IRS warns of COVID-19 scams related to stimulus payments
WASHINGTON, Va. (WDBJ) - The IRS is warning taxpayers about a new wave of COVID-19-related scams as the second round of Economic Impact Payments are being distributed.
The IRS’s Criminal Investigation Division said it has seen a variety of COVID-19 scams in recent months.
“IRS-CI wants to make sure all Virginians are aware of potential scams, in hopes of preventing them from being victimized,” said Special Agent in Charge Kelly R. Jackson. “Please stay vigilant of potential scammers looking to steal your identity and your money.”
According to the division, some common scams include:
Text messages asking for bank information in order to receive the $1,200 payments.

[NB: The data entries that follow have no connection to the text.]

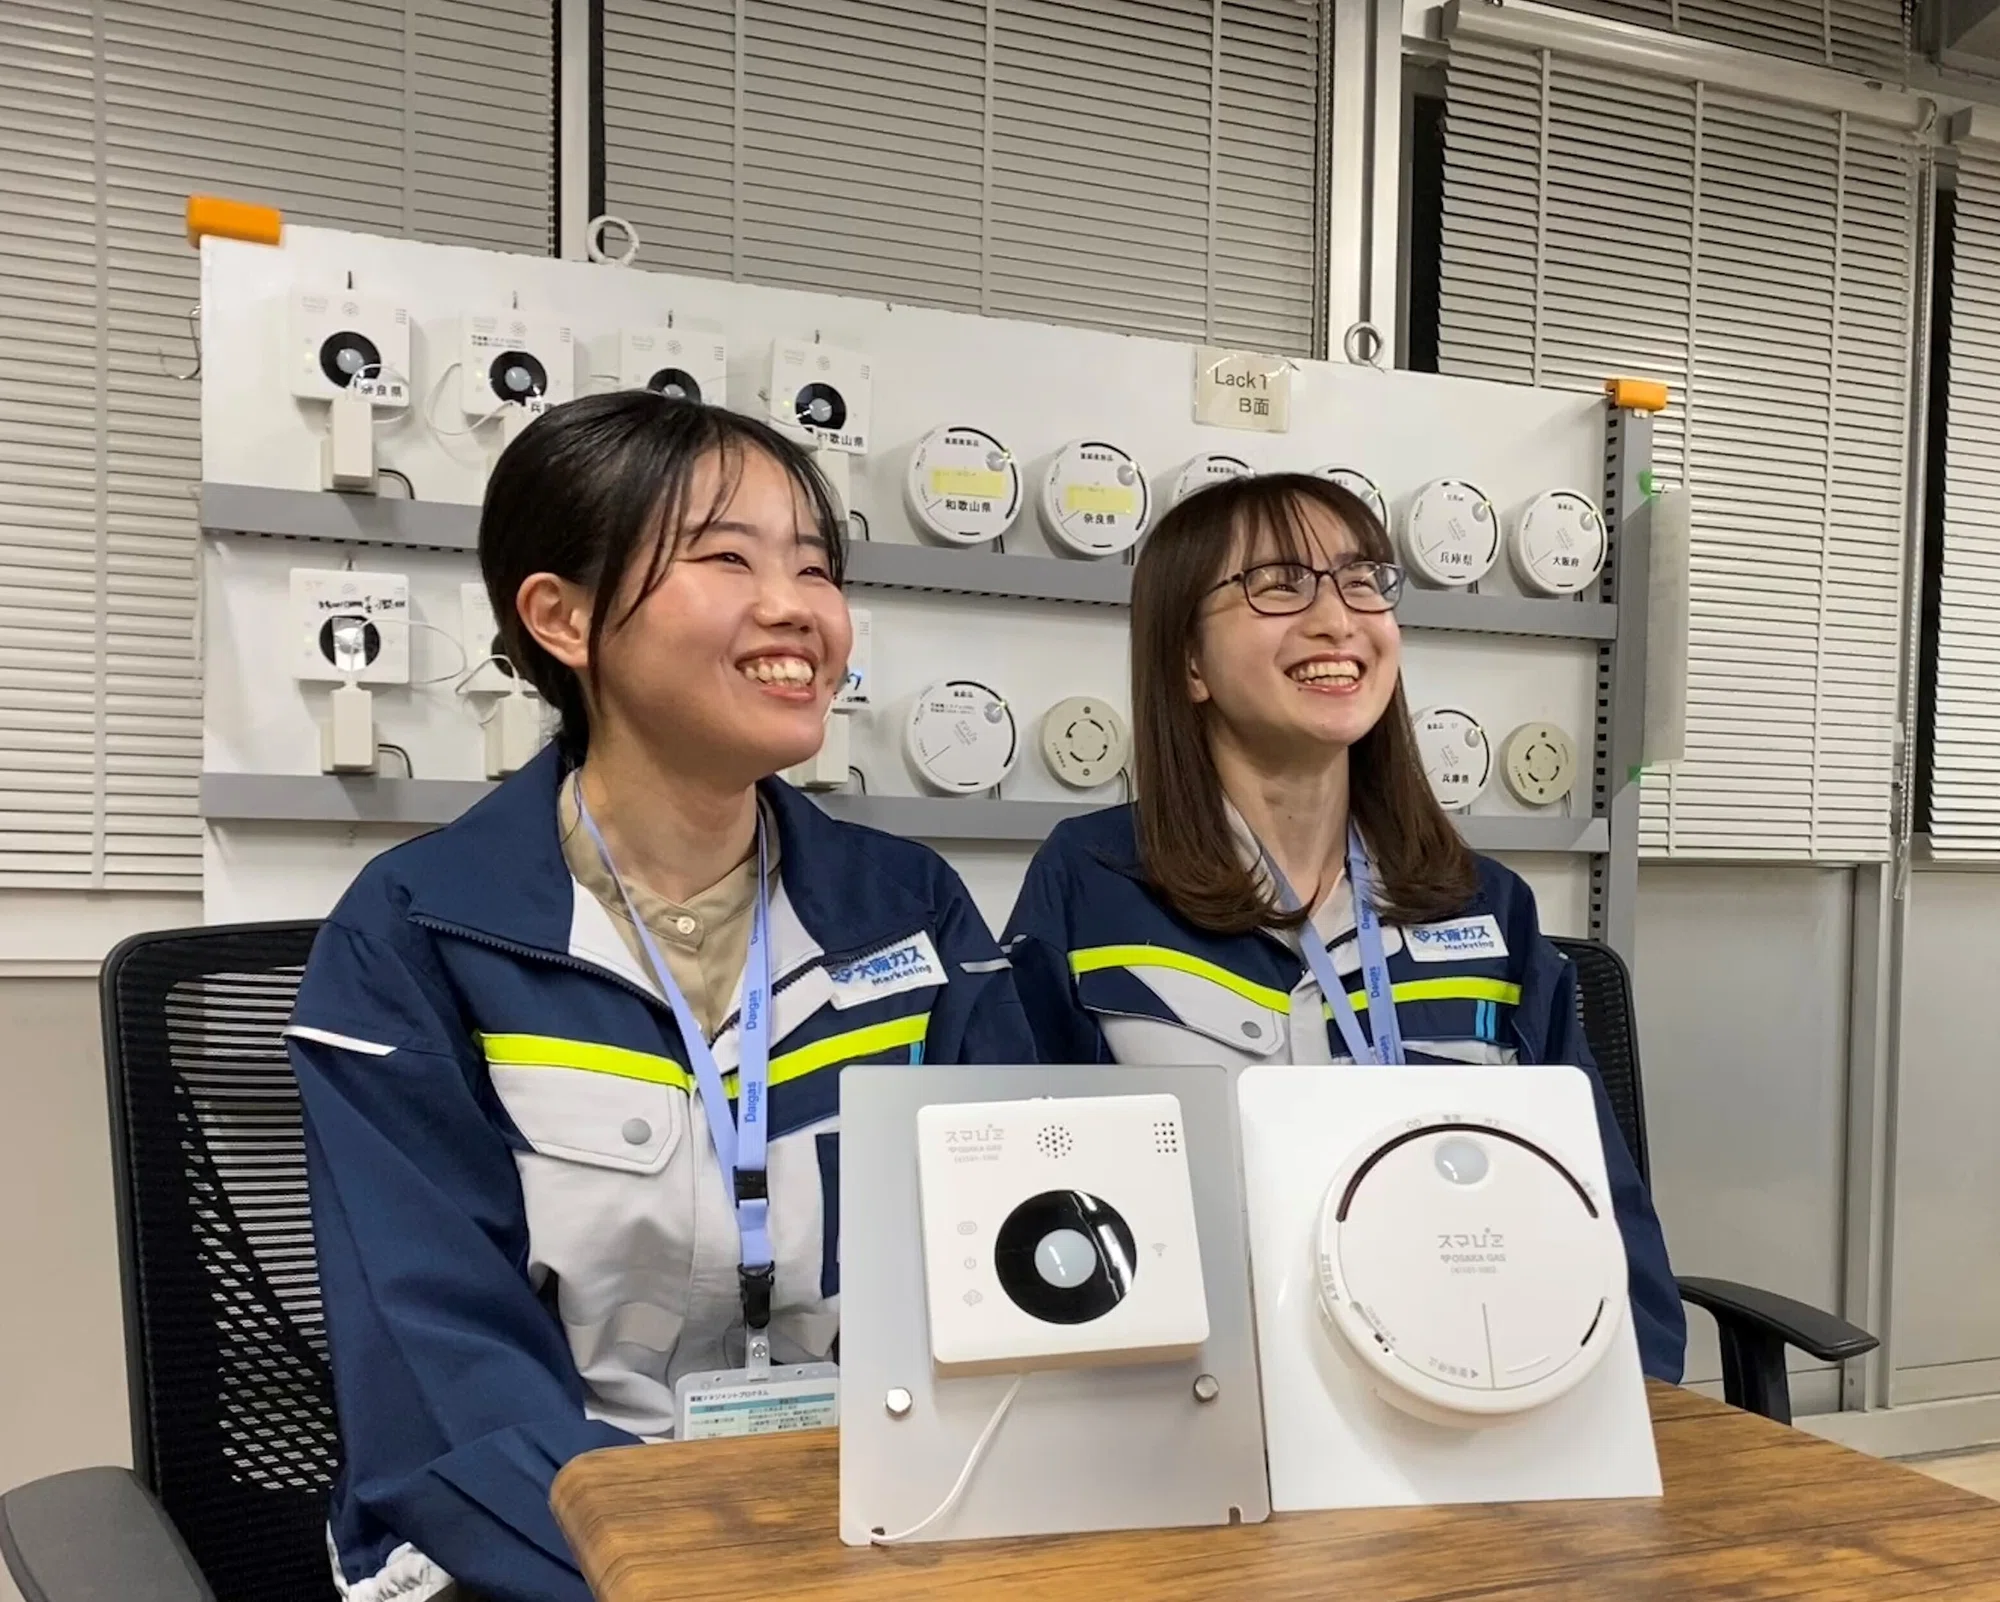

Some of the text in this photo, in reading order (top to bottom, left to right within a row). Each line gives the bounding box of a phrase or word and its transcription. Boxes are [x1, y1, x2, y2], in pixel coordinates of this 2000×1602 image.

[1239, 397, 1270, 416] B面
[944, 499, 993, 513] 和歌山県
[1083, 514, 1116, 525] 奈良県
[1440, 553, 1473, 566] 兵庫県
[1552, 556, 1580, 568] 大阪府
[1442, 773, 1470, 784] 兵庫県
[1433, 925, 1491, 942] 大阪ガス
[1443, 940, 1495, 952] Marketing
[854, 945, 927, 980] 大阪ガス
[871, 963, 933, 987] Marketing
[745, 989, 760, 1031] Daigas
[744, 1081, 760, 1124] Daigas
[1451, 1253, 1507, 1263] OSAKA GAS
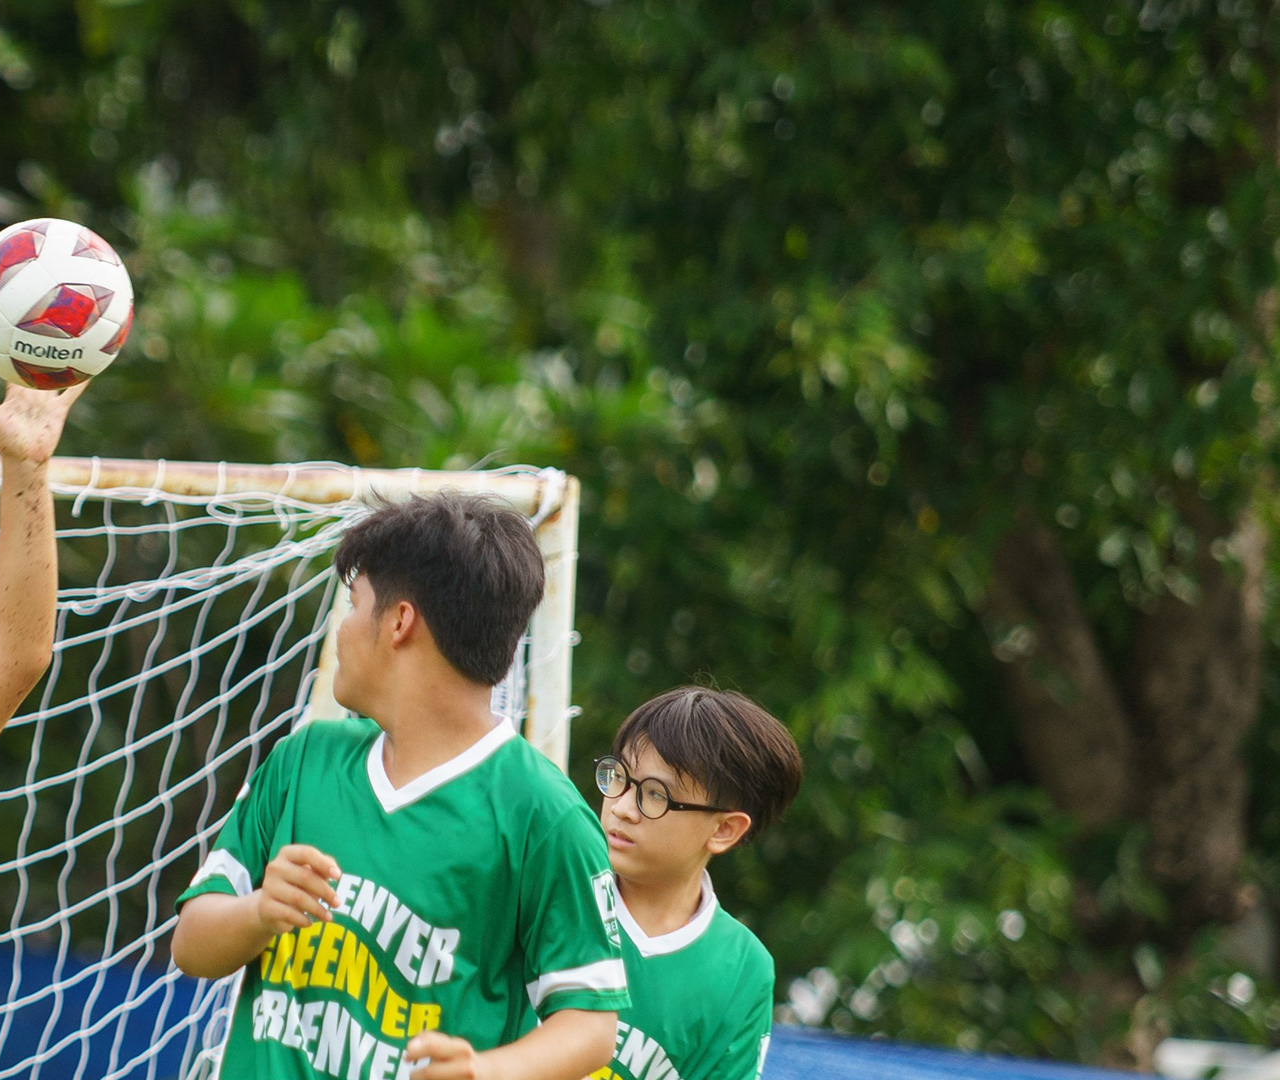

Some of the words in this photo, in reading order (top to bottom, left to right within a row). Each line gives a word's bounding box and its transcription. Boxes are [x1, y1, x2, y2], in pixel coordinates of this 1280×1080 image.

[14, 340, 83, 359] molten
[260, 921, 441, 1038] GREENYER
[304, 873, 460, 988] ENYER

Phishing schemes using email, letters and social media messages with key words such as “coronavirus,” “COVID-19” and “stimulus” in various ways. They are sent to large numbers of people in an attempt to gain personally identifying information and financial account information.
The sale of fake at-home COVID-19 tests, along with offers to sell fake cures, vaccines, pills and professional medical advice regarding unproven COVID-19 treatments.

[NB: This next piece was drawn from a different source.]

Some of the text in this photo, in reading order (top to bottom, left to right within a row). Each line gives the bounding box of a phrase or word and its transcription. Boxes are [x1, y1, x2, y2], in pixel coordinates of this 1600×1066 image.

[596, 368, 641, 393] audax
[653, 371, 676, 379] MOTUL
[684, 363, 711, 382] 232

Fake donation requests for individuals, groups and areas heavily affected by the virus.
Fake opportunities to invest in companies developing COVID-19 vaccines while promising that the “company” will dramatically increase in value as a result.

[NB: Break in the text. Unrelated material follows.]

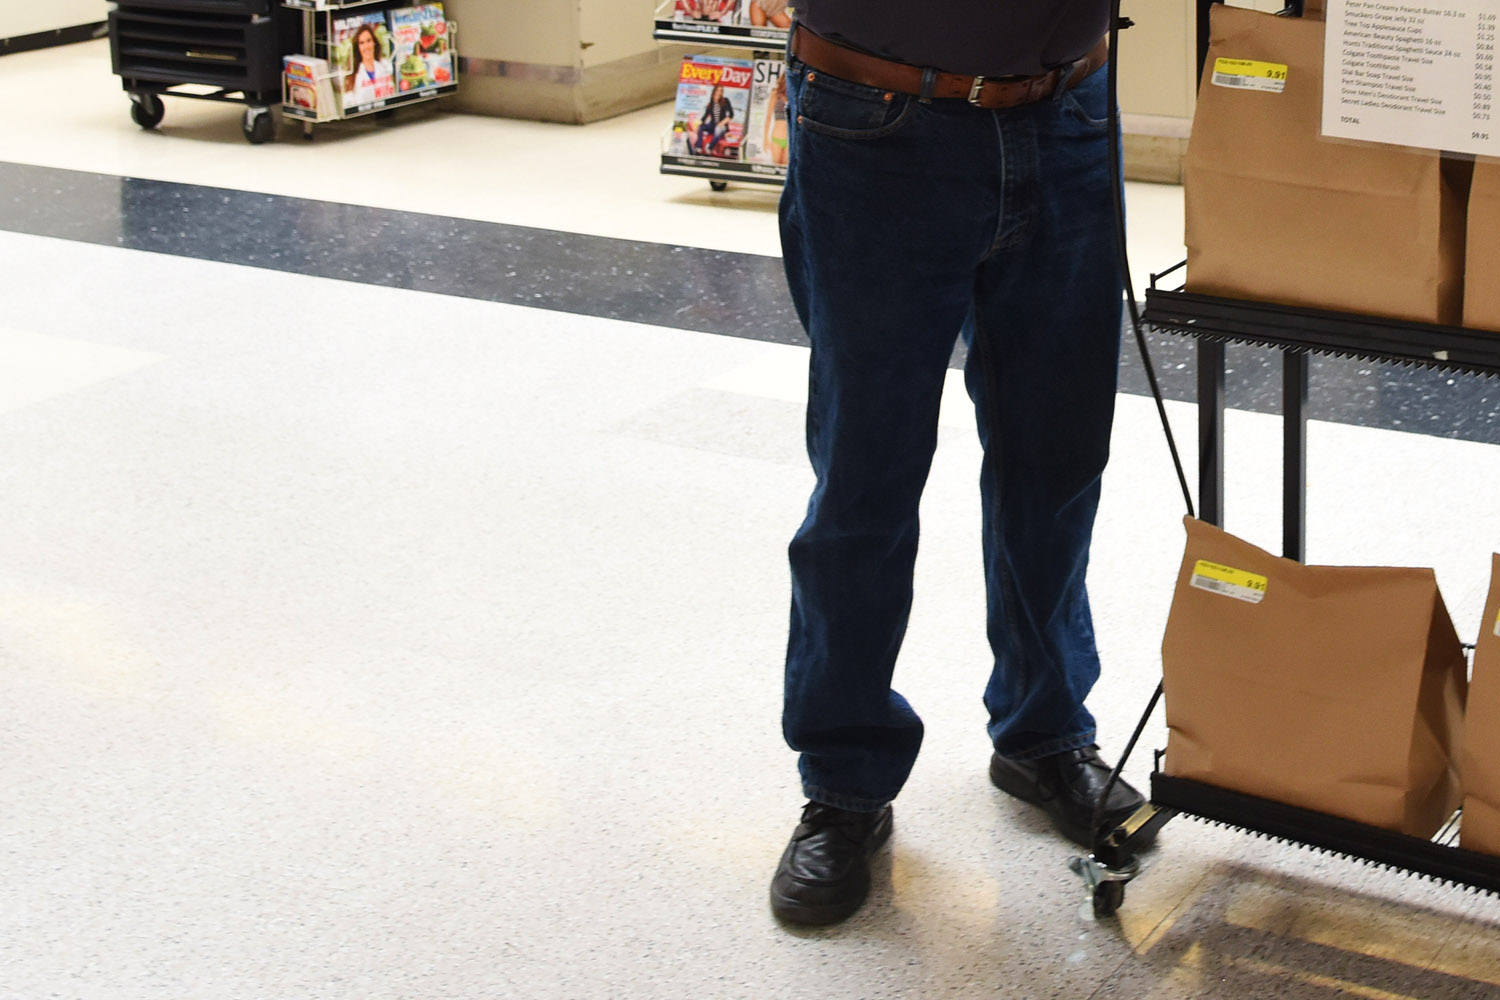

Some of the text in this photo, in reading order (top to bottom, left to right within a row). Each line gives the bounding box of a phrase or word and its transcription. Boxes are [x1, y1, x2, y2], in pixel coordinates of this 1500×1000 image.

[1266, 69, 1286, 79] 9.91
[1340, 116, 1360, 124] TOTAL
[1246, 579, 1266, 589] 9.91

The IRS said the best way to keep from falling victim to scammers is to know how the IRS communicates with taxpayers. They do not send unsolicited texts or emails, nor do they call people with threats of jail or lawsuits. The IRS never demands tax payments on gift cards.
Taxpayers can also report fraud or theft of Economic Impact Payments to the Treasury Inspector General for Tax Administration.
Anyone who receives unsolicited emails or social media attempts to gather information that appear to be from either the IRS or an organization closely linked to the IRS, should forward the message to firstname.lastname@example.org.
To learn more about COVID-19 scams, visit IRS.gov.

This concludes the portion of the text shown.